Please write back every entry exactly, character for character.

Exercise materials

+===+

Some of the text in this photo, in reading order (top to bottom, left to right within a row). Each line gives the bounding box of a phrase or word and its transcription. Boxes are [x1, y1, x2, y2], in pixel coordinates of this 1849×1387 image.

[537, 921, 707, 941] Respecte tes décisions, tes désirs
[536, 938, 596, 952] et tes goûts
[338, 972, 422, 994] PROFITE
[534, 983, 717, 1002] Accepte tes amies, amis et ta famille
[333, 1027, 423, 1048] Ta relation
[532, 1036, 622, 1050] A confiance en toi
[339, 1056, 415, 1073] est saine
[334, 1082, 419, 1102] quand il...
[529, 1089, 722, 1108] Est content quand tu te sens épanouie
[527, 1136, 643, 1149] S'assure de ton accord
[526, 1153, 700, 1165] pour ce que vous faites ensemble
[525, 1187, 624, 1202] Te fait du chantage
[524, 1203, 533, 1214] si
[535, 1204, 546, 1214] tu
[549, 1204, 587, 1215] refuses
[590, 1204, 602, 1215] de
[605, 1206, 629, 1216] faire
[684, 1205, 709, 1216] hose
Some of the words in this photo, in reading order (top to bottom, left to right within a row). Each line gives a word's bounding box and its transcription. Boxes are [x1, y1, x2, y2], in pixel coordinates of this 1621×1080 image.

+===+

Answer space
Some of the text in this photo, in reading order (top to bottom, left to right within a row). Each line gives the bounding box of a phrase or word and its transcription. Boxes are [x1, y1, x2, y2], in pixel coordinates of this 1849×1387 image.

[537, 921, 707, 941] Respecte tes décisions, tes désirs
[536, 938, 596, 952] et tes goûts
[338, 972, 422, 994] PROFITE
[534, 983, 717, 1002] Accepte tes amies, amis et ta famille
[333, 1027, 423, 1048] Ta relation
[532, 1036, 622, 1050] A confiance en toi
[339, 1056, 415, 1073] est saine
[334, 1082, 419, 1102] quand il...
[529, 1089, 722, 1108] Est content quand tu te sens épanouie
[527, 1136, 643, 1149] S'assure de ton accord
[526, 1153, 700, 1165] pour ce que vous faites ensemble
[525, 1187, 624, 1202] Te fait du chantage
[524, 1203, 533, 1214] si
[535, 1204, 546, 1214] tu
[549, 1204, 587, 1215] refuses
[590, 1204, 602, 1215] de
[605, 1206, 629, 1216] faire
[684, 1205, 709, 1216] hose
Some of the words in this photo, in reading order (top to bottom, left to right within a row). Each line gives a word's bounding box and its transcription. Boxes are [x1, y1, x2, y2], in pixel coordinates of this 1621×1080 image.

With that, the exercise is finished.